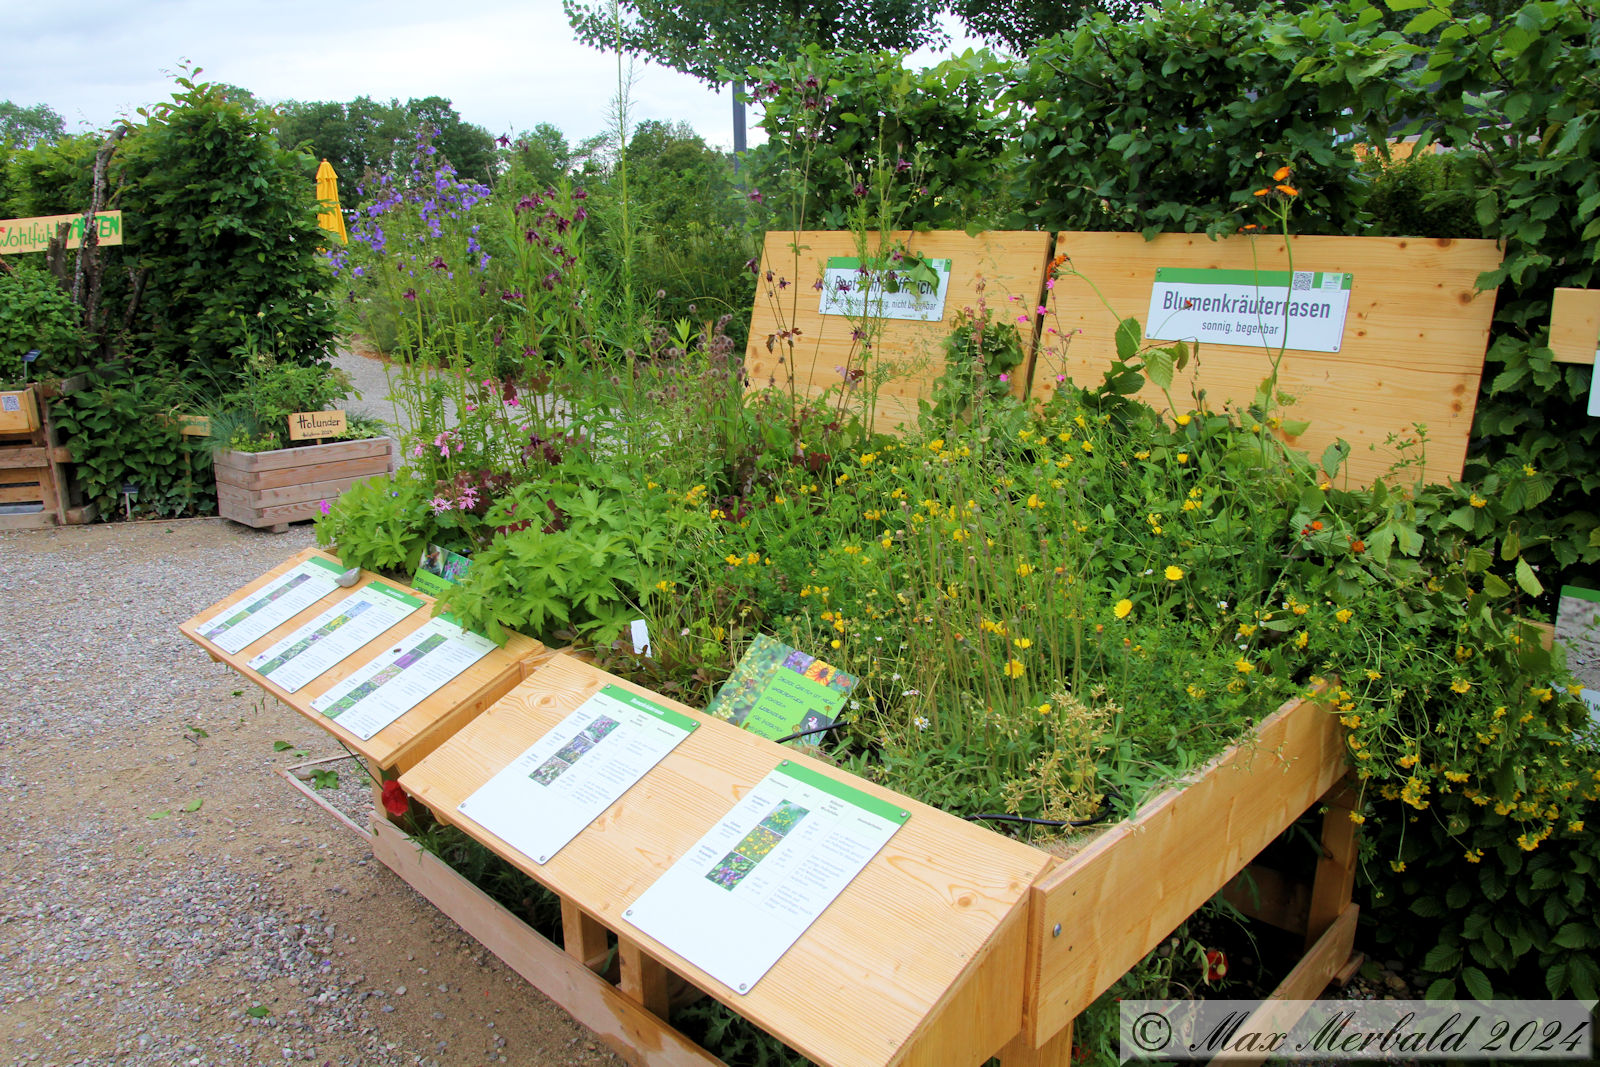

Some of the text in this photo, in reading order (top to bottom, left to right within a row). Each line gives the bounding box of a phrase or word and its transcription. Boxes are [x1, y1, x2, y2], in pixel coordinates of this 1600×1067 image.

[1163, 290, 1331, 318] Blumenkräuterrasen
[1235, 321, 1279, 336] begehbar
[297, 414, 341, 429] Holunder
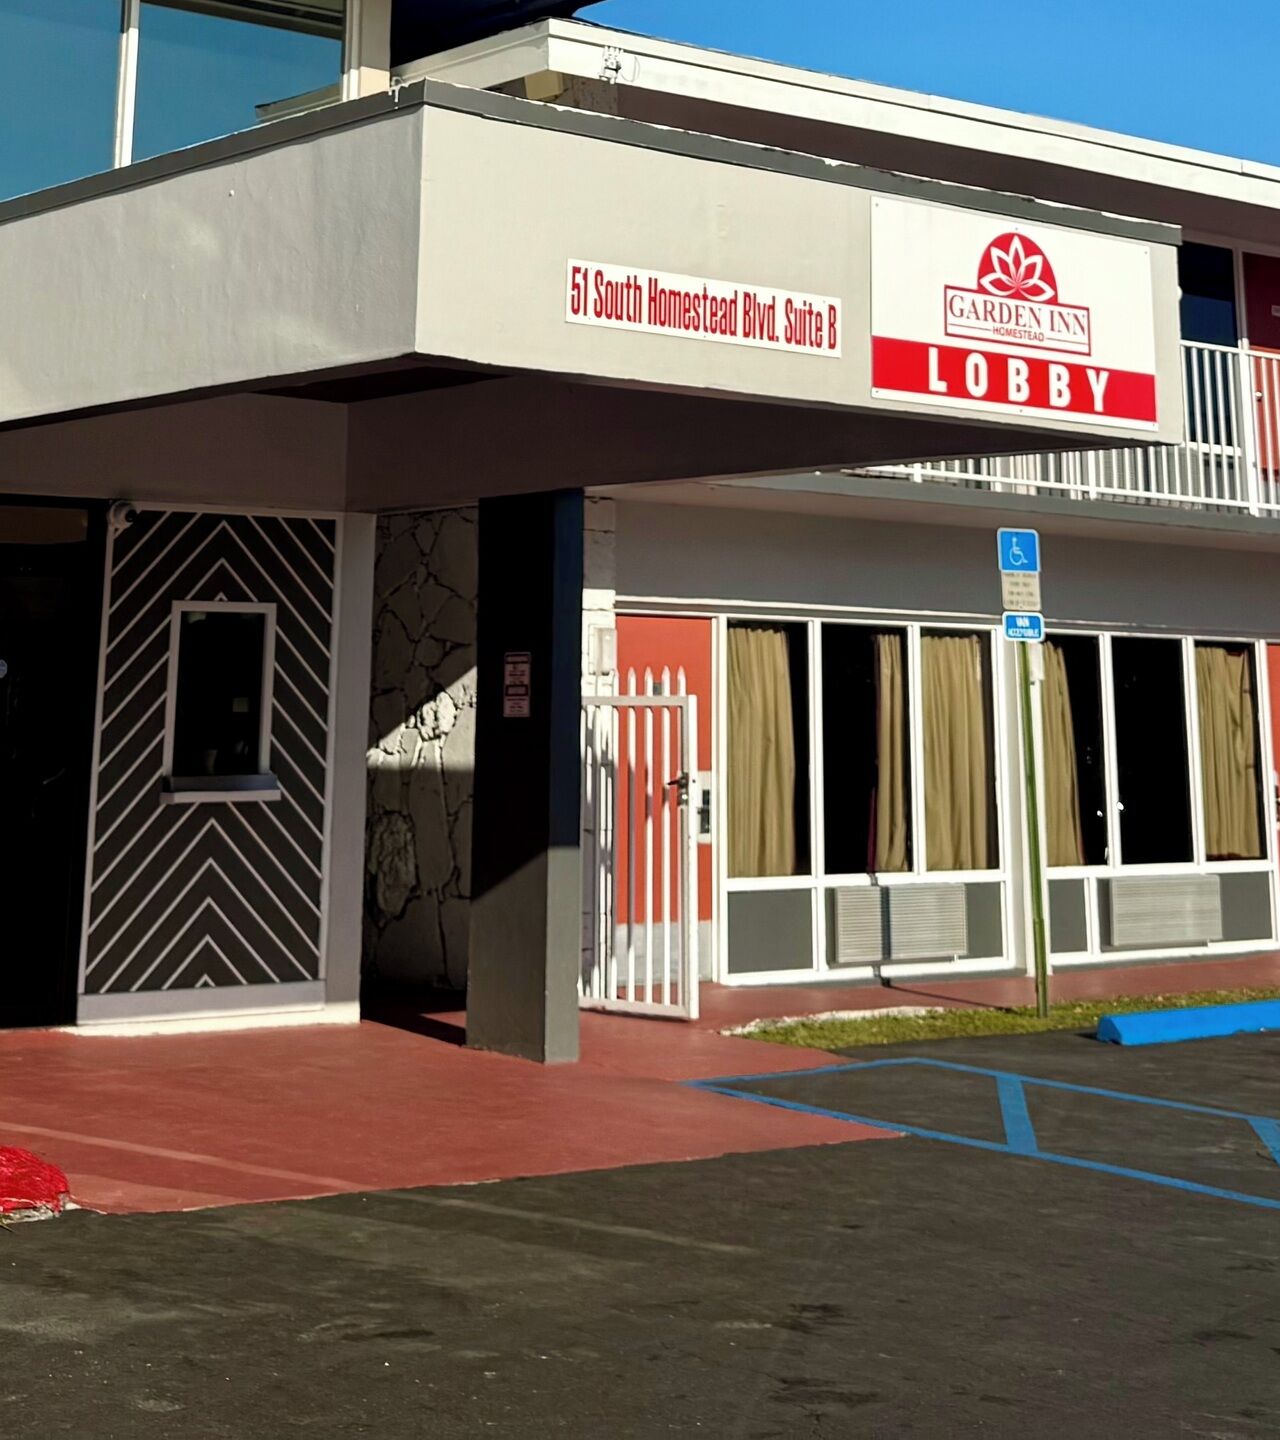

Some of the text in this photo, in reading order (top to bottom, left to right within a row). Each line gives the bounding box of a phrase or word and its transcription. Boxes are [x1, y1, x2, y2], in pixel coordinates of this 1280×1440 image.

[571, 266, 837, 350] 51 South Homestead Blvd. Suite B
[949, 294, 1086, 336] GARDEN INN
[992, 325, 1045, 342] HOMESTEAD
[928, 347, 1110, 412] LOBBY

• _Your assignment_
Transcribe the records word for word and include no pictures.

• _Output below_
Some of the text in this photo, in reading order (top to bottom, left to right within a row). Each line gives the bounding box of a phrase or word and its transcription. Boxes are [x1, y1, x2, y2], in pixel coordinates of this 1600×1067 image.

[1163, 290, 1331, 318] Blumenkräuterrasen
[1235, 321, 1279, 336] begehbar
[297, 414, 341, 429] Holunder

Some of the text in this photo, in reading order (top to bottom, left to right within a row). Each line gives the bounding box of a phrase or word and its transcription. Boxes are [x1, y1, x2, y2], in pixel coordinates of this 1280×1440 image.

[571, 266, 837, 350] 51 South Homestead Blvd. Suite B
[949, 294, 1086, 336] GARDEN INN
[992, 325, 1045, 342] HOMESTEAD
[928, 347, 1110, 412] LOBBY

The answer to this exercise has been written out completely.